▸ Problem description
In your reply, print every line of the listing exactly and omit all images.

▸ Records provided
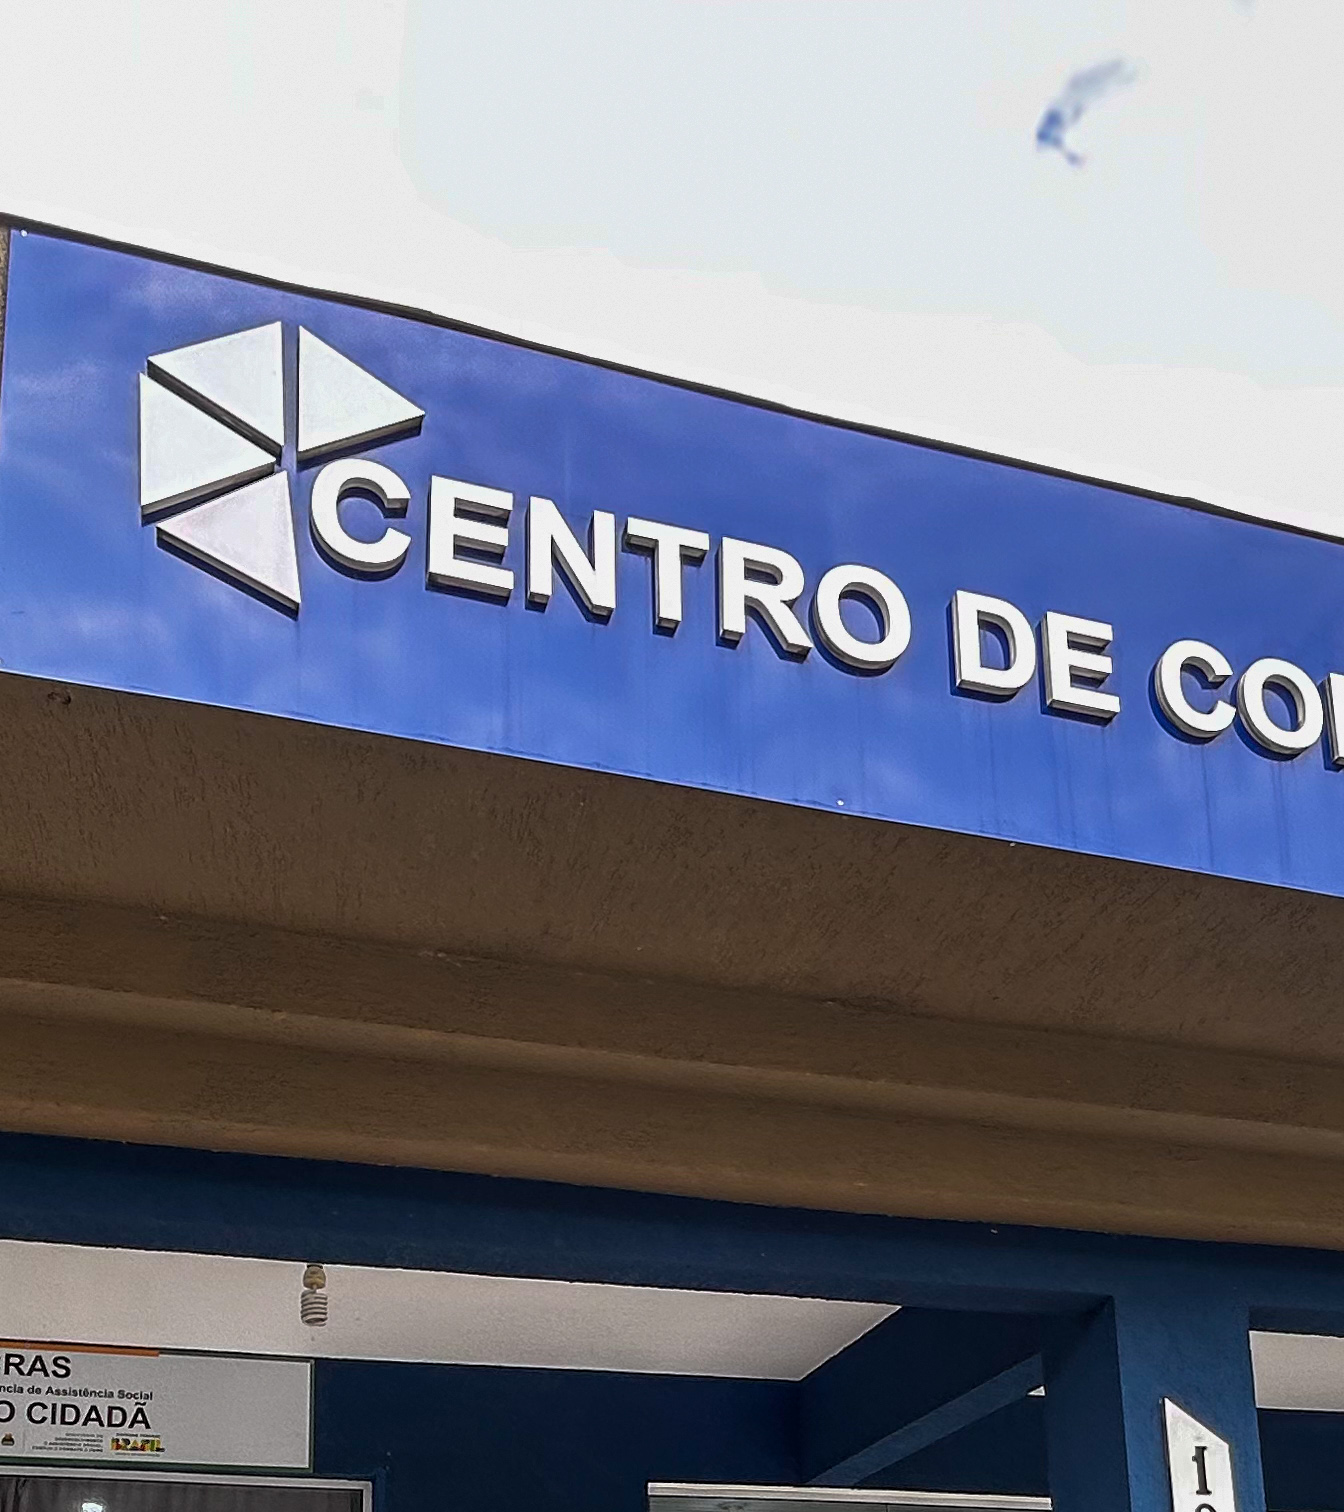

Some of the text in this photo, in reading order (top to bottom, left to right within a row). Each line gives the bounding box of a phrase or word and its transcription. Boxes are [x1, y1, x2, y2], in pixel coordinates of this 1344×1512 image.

[309, 457, 913, 675] CENTRO
[951, 588, 1122, 722] DE
[27, 1384, 42, 1396] de
[45, 1386, 115, 1400] Assistência
[117, 1389, 154, 1401] Social
[26, 1400, 152, 1430] CIDADÃ
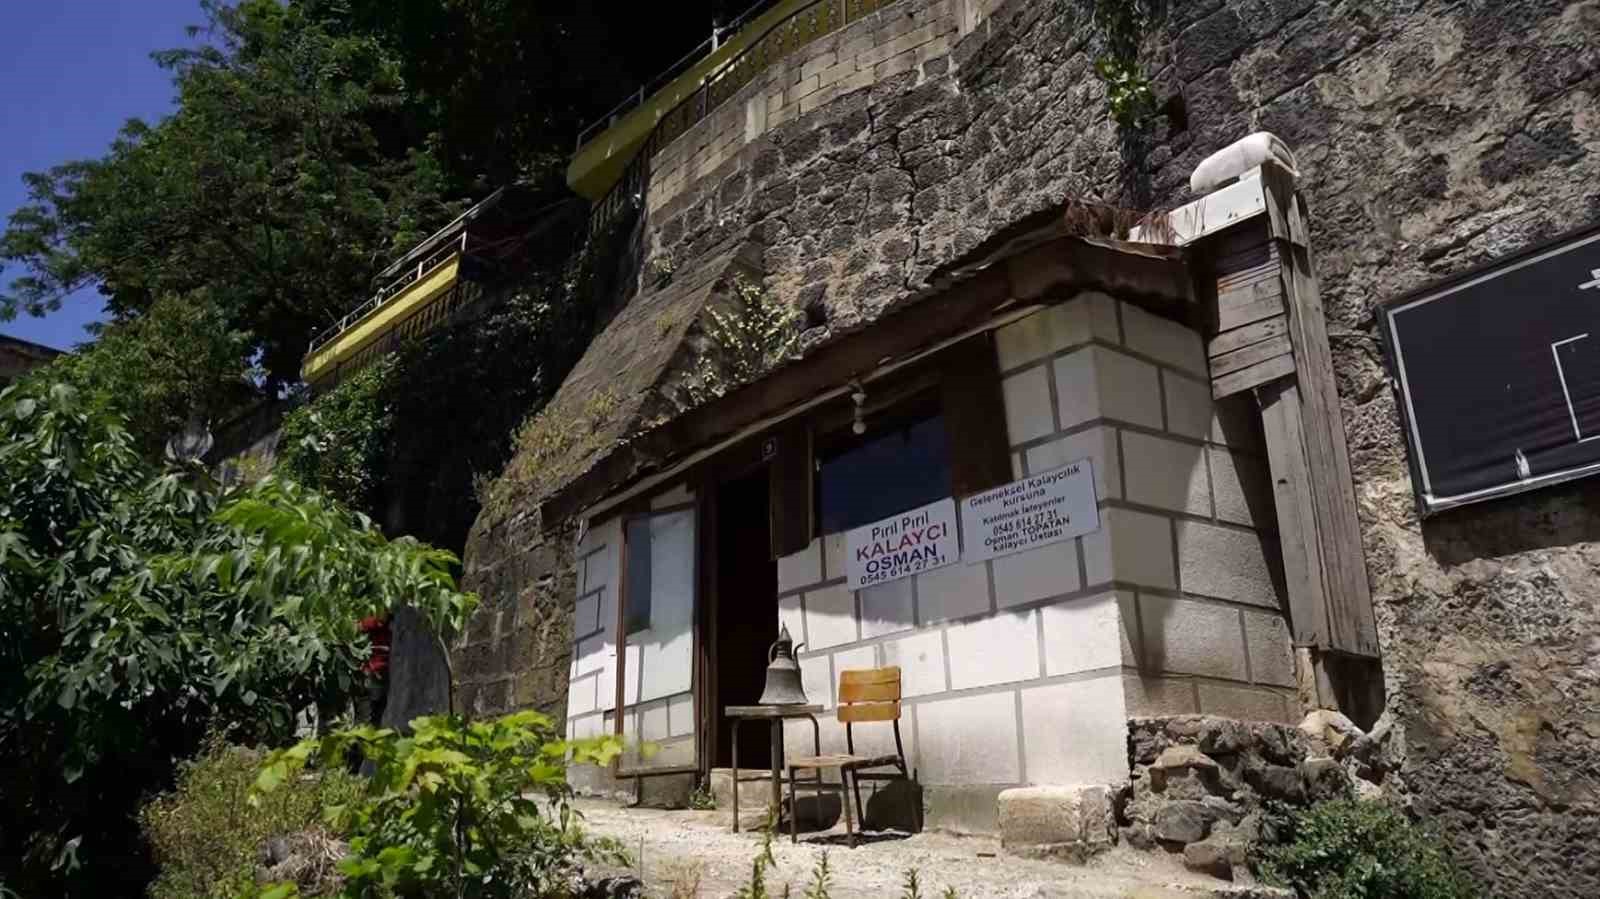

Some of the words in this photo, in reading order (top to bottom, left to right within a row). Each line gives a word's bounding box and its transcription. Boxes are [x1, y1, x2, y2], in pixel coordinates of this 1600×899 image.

[969, 482, 1025, 507] Geleneksel
[856, 521, 947, 562] KALAYCI
[984, 530, 1019, 546] Osman
[1023, 515, 1070, 535] TOPATAN
[992, 520, 1014, 536] 0545
[860, 571, 887, 585] 0545
[890, 565, 911, 577] 614
[914, 559, 929, 570] 27
[933, 555, 945, 566] 31
[866, 543, 937, 573] OSMAN
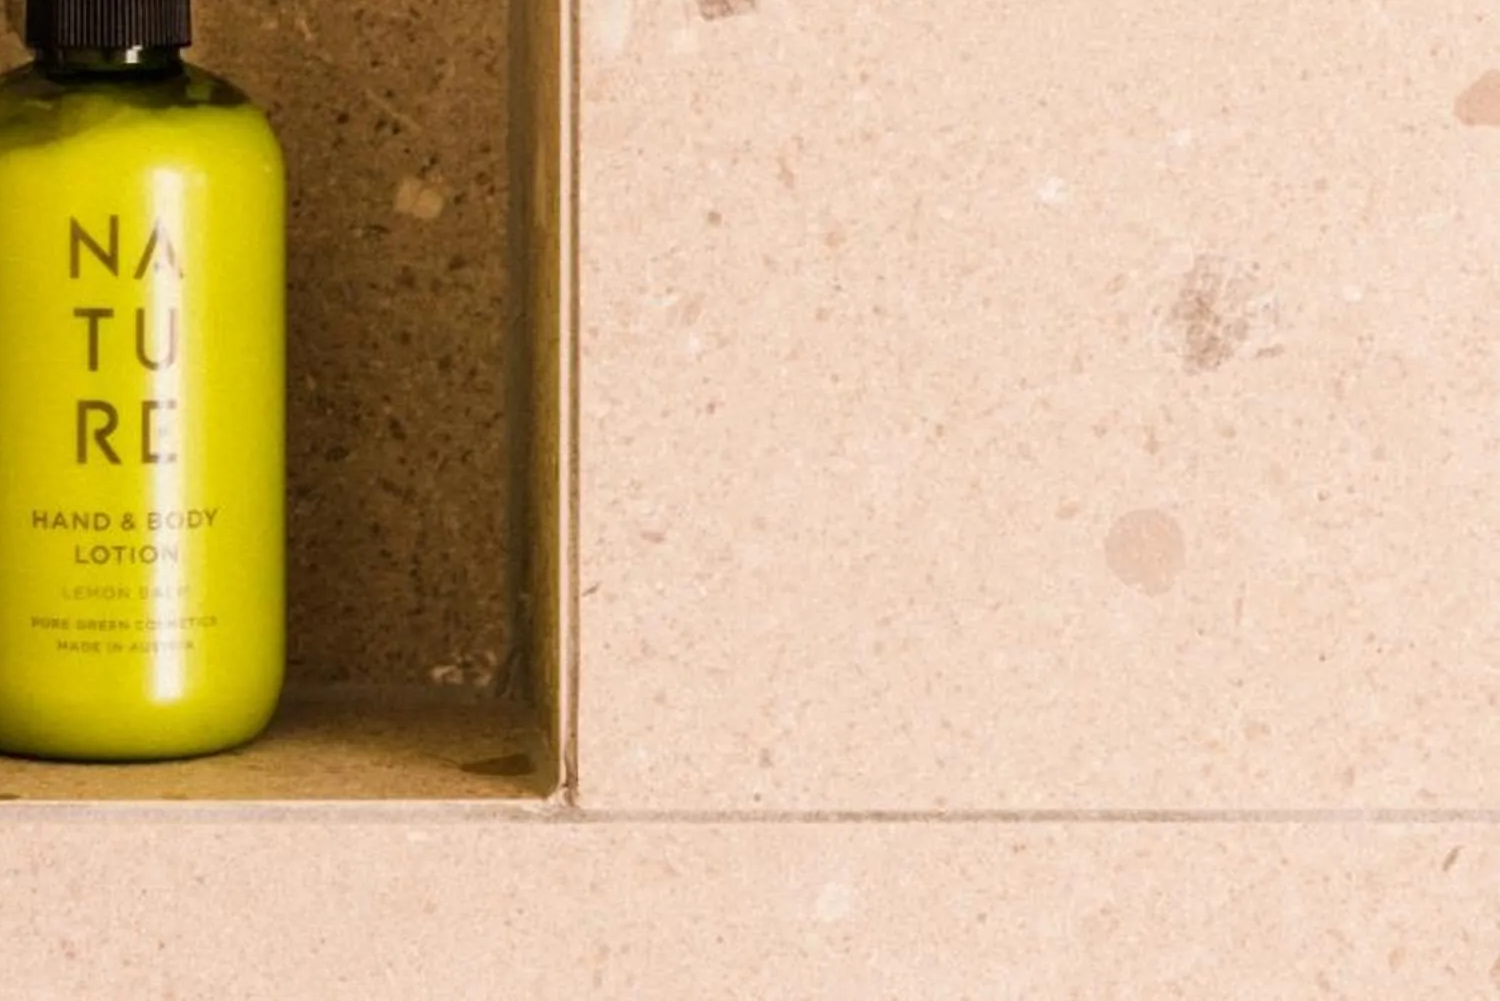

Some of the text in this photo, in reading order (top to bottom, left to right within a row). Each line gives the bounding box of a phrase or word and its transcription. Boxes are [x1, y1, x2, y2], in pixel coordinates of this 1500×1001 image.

▸ Response to the exercise
Some of the text in this photo, in reading order (top to bottom, left to right within a row). Each line gives the bounding box of a phrase or word and its transcription. Boxes are [x1, y1, x2, y2], in pixel coordinates of this 1344×1512 image.

[309, 457, 913, 675] CENTRO
[951, 588, 1122, 722] DE
[27, 1384, 42, 1396] de
[45, 1386, 115, 1400] Assistência
[117, 1389, 154, 1401] Social
[26, 1400, 152, 1430] CIDADÃ

Some of the words in this photo, in reading order (top to bottom, left to right within a row). Each line gives a word's bounding box and its transcription. Boxes are [x1, y1, x2, y2], in pixel coordinates of this 1600×899 image.

[969, 482, 1025, 507] Geleneksel
[856, 521, 947, 562] KALAYCI
[984, 530, 1019, 546] Osman
[1023, 515, 1070, 535] TOPATAN
[992, 520, 1014, 536] 0545
[860, 571, 887, 585] 0545
[890, 565, 911, 577] 614
[914, 559, 929, 570] 27
[933, 555, 945, 566] 31
[866, 543, 937, 573] OSMAN

Some of the text in this photo, in reading order (top to bottom, left to right within a row). Each line gives the bounding box of a phrase or word and its transcription. Boxes are [x1, y1, x2, y2], in pixel coordinates of this 1500×1001 image.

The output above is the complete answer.